■ DIRECTIONS
Write out every record in full, exactly as written, please.

Records drawn from a dataset
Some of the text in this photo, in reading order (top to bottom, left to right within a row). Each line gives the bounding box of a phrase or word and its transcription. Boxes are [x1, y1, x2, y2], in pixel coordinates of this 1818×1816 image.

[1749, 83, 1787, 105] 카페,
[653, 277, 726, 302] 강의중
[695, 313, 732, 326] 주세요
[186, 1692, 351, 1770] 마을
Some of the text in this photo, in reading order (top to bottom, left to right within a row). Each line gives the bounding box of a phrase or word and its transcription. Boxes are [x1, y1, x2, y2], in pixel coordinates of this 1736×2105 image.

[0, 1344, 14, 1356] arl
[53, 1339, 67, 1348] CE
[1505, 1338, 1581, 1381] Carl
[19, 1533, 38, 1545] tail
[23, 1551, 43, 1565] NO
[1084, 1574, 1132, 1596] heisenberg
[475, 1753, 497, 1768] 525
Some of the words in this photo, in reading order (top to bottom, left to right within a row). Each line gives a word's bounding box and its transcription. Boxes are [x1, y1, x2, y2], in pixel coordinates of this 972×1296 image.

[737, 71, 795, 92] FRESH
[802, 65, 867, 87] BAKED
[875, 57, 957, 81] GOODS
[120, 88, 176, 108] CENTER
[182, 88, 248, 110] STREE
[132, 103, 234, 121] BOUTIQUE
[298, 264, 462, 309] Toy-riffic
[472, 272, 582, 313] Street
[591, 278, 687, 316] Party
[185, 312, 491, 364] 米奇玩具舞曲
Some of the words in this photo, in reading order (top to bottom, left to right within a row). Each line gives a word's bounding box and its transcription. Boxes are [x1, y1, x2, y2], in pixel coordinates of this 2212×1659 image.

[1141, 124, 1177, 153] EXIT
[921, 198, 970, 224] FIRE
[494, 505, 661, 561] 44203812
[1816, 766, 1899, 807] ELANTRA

■ WORKED SOLUTION
Some of the text in this photo, in reading order (top to bottom, left to right within a row). Each line gives the bounding box of a phrase or word and its transcription. Boxes are [x1, y1, x2, y2], in pixel coordinates of this 1818×1816 image.

[1749, 83, 1787, 105] 카페,
[653, 277, 726, 302] 강의중
[695, 313, 732, 326] 주세요
[186, 1692, 351, 1770] 마을
Some of the text in this photo, in reading order (top to bottom, left to right within a row). Each line gives the bounding box of a phrase or word and its transcription. Boxes are [x1, y1, x2, y2], in pixel coordinates of this 1736×2105 image.

[0, 1344, 14, 1356] arl
[53, 1339, 67, 1348] CE
[1505, 1338, 1581, 1381] Carl
[19, 1533, 38, 1545] tail
[23, 1551, 43, 1565] NO
[1084, 1574, 1132, 1596] heisenberg
[475, 1753, 497, 1768] 525
Some of the words in this photo, in reading order (top to bottom, left to right within a row). Each line gives a word's bounding box and its transcription. Boxes are [x1, y1, x2, y2], in pixel coordinates of this 972×1296 image.

[737, 71, 795, 92] FRESH
[802, 65, 867, 87] BAKED
[875, 57, 957, 81] GOODS
[120, 88, 176, 108] CENTER
[182, 88, 248, 110] STREE
[132, 103, 234, 121] BOUTIQUE
[298, 264, 462, 309] Toy-riffic
[472, 272, 582, 313] Street
[591, 278, 687, 316] Party
[185, 312, 491, 364] 米奇玩具舞曲
Some of the words in this photo, in reading order (top to bottom, left to right within a row). Each line gives a word's bounding box and its transcription. Boxes are [x1, y1, x2, y2], in pixel coordinates of this 2212×1659 image.

[1141, 124, 1177, 153] EXIT
[921, 198, 970, 224] FIRE
[494, 505, 661, 561] 44203812
[1816, 766, 1899, 807] ELANTRA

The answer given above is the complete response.